Bandit-Based Monte Carlo Optimization for Nearest Neighbors

  • Vivek Bagaria ,
  • Tavor Z. Baharav ,
  • Govinda Kamath ,
  • David N. Tse

IEEE Journal on Selected Areas in Information Theory |

Publication

The celebrated Monte Carlo method estimates an expensive-to-compute quantity by random sampling. Bandit-based Monte Carlo optimization is a general technique for computing the minimum of many such expensive-to-compute quantities by adaptive random sampling. The technique converts an optimization problem into a statistical estimation problem which is then solved via multi-armed bandits.

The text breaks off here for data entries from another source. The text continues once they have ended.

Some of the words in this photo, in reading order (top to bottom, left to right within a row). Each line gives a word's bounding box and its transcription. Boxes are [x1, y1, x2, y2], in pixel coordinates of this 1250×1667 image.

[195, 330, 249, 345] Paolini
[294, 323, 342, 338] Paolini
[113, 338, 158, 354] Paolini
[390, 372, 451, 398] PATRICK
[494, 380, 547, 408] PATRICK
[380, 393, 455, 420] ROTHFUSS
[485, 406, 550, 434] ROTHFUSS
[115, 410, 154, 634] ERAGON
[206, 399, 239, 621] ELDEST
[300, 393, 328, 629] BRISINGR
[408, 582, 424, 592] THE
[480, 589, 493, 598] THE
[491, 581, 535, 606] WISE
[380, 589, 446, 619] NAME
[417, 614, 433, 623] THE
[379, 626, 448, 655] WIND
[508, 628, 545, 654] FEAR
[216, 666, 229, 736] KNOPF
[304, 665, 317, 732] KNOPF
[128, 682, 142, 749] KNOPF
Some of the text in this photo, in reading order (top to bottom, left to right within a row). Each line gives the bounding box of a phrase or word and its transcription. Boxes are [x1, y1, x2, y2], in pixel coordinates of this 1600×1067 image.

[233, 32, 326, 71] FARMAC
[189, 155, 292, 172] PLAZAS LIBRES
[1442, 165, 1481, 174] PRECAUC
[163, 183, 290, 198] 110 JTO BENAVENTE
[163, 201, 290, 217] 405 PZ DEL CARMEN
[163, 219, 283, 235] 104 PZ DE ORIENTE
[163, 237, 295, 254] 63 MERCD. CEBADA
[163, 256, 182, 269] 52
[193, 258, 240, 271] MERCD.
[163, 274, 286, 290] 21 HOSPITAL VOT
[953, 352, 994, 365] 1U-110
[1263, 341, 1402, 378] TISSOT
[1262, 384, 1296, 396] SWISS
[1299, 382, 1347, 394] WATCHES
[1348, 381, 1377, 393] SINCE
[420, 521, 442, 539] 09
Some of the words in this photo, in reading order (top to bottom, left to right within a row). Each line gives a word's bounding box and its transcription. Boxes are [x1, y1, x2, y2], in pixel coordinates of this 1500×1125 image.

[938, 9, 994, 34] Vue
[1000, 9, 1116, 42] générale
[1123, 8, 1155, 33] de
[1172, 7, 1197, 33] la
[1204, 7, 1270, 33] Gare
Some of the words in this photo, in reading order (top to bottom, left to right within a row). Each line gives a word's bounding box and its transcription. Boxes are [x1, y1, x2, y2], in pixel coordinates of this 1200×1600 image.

We apply this technique to solve the problem of high-dimensional k-nearest neighbors, developing an algorithm which we prove is able to identify exact nearest neighbors with high probability. We show that under regularity assumptions on a dataset of n points in d-dimensional space, the complexity of our algorithm scales logarithmically with the dimension of the data as $O((n+d)\log^2 (\frac{nd}{\delta}))$ for error probability $\delta$, rather than linearly as in exact computation requiring O(nd). We corroborate our theoretical results with numerical simulations, showing that our algorithm outperforms both exact computation and state-of-the-art algorithms such as kGraph, NGT, and LSH on real datasets.